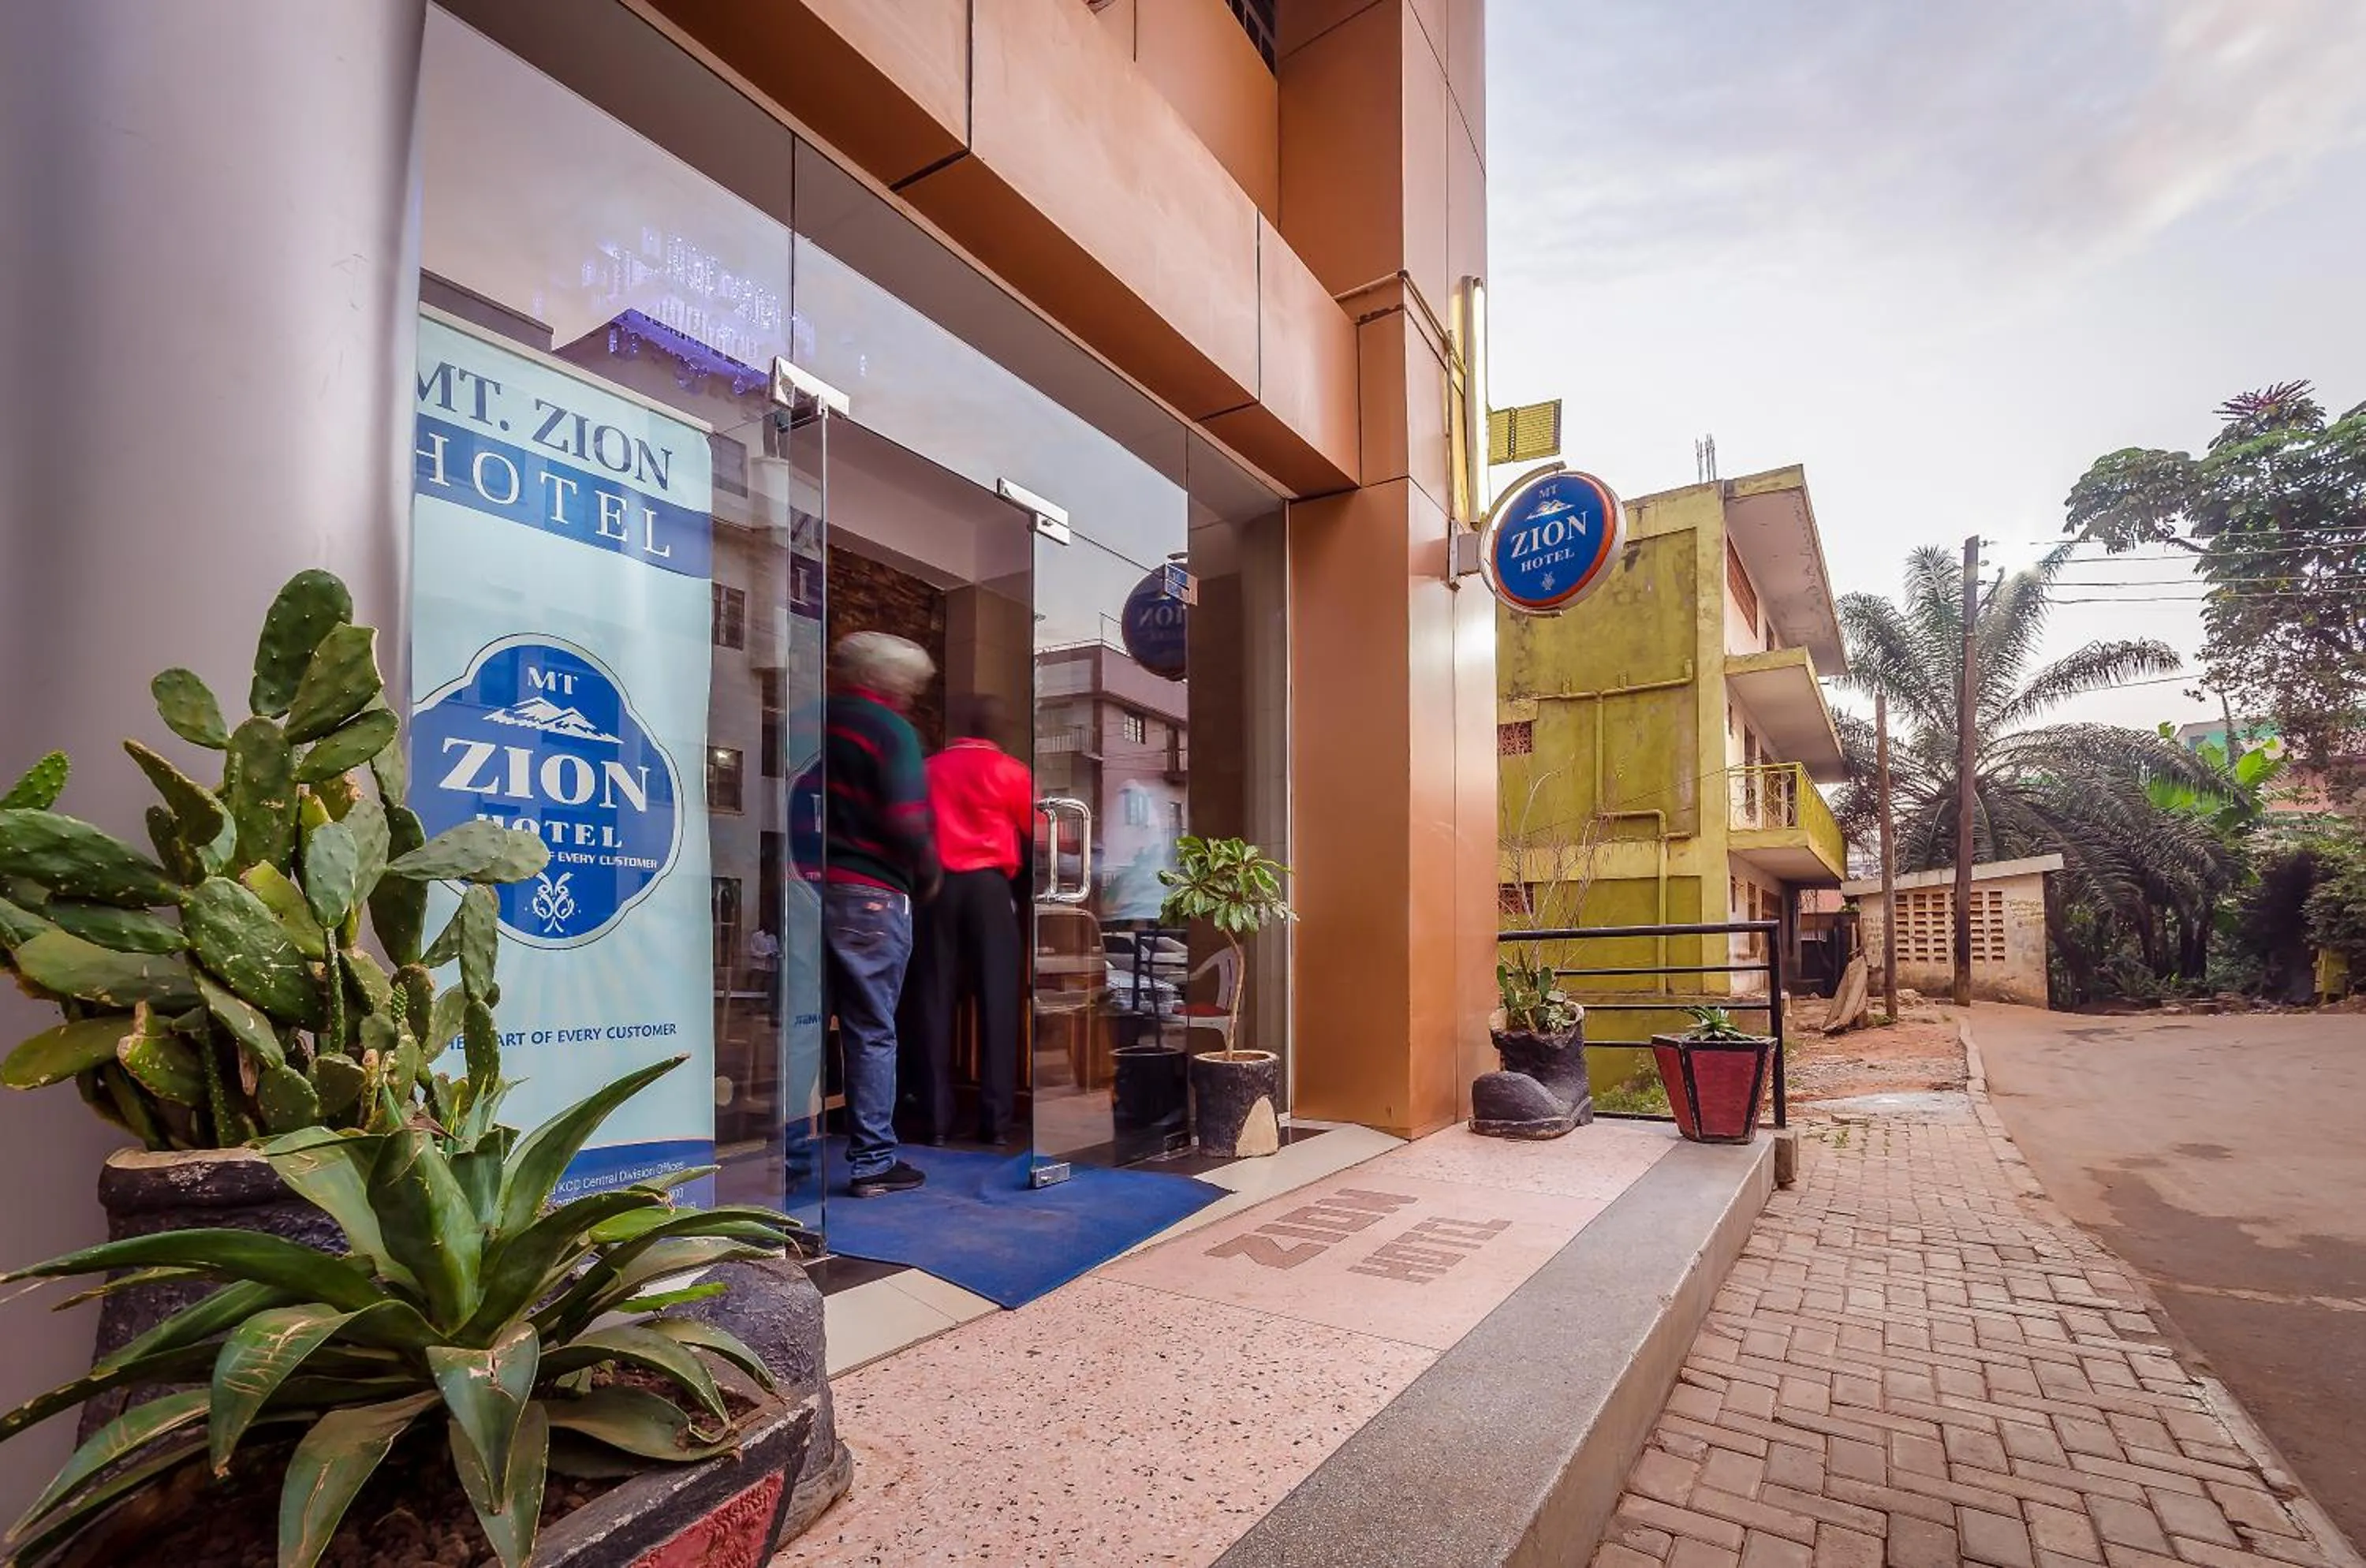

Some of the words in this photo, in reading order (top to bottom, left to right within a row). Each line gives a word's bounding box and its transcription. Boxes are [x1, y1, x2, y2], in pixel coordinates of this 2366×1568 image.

[417, 362, 509, 431] MT.
[532, 398, 673, 491] ZION
[1539, 484, 1558, 498] MT
[1510, 511, 1588, 558] ZION
[1521, 548, 1575, 573] HOTEL
[528, 667, 580, 695] MT
[439, 737, 651, 812] ZION
[558, 851, 597, 864] EVERY
[599, 855, 658, 868] CUSTOMER
[531, 1030, 554, 1045] OF
[558, 1028, 602, 1043] EVERY
[606, 1023, 677, 1040] CUSTOMER
[584, 1170, 618, 1189] Central
[619, 1167, 655, 1182] Division
[1346, 1216, 1513, 1285] HOTEL

* * * *

▸ WHAT YOU HAVE TO DO:
Reproduce the listing word for word and omit its pictures.

▸ RESULT:
Some of the words in this photo, in reading order (top to bottom, left to right within a row). Each line gives a word's bounding box and its transcription. Boxes are [x1, y1, x2, y2], in pixel coordinates of this 2366×1568 image.

[417, 362, 509, 431] MT.
[532, 398, 673, 491] ZION
[1539, 484, 1558, 498] MT
[1510, 511, 1588, 558] ZION
[1521, 548, 1575, 573] HOTEL
[528, 667, 580, 695] MT
[439, 737, 651, 812] ZION
[558, 851, 597, 864] EVERY
[599, 855, 658, 868] CUSTOMER
[531, 1030, 554, 1045] OF
[558, 1028, 602, 1043] EVERY
[606, 1023, 677, 1040] CUSTOMER
[584, 1170, 618, 1189] Central
[619, 1167, 655, 1182] Division
[1346, 1216, 1513, 1285] HOTEL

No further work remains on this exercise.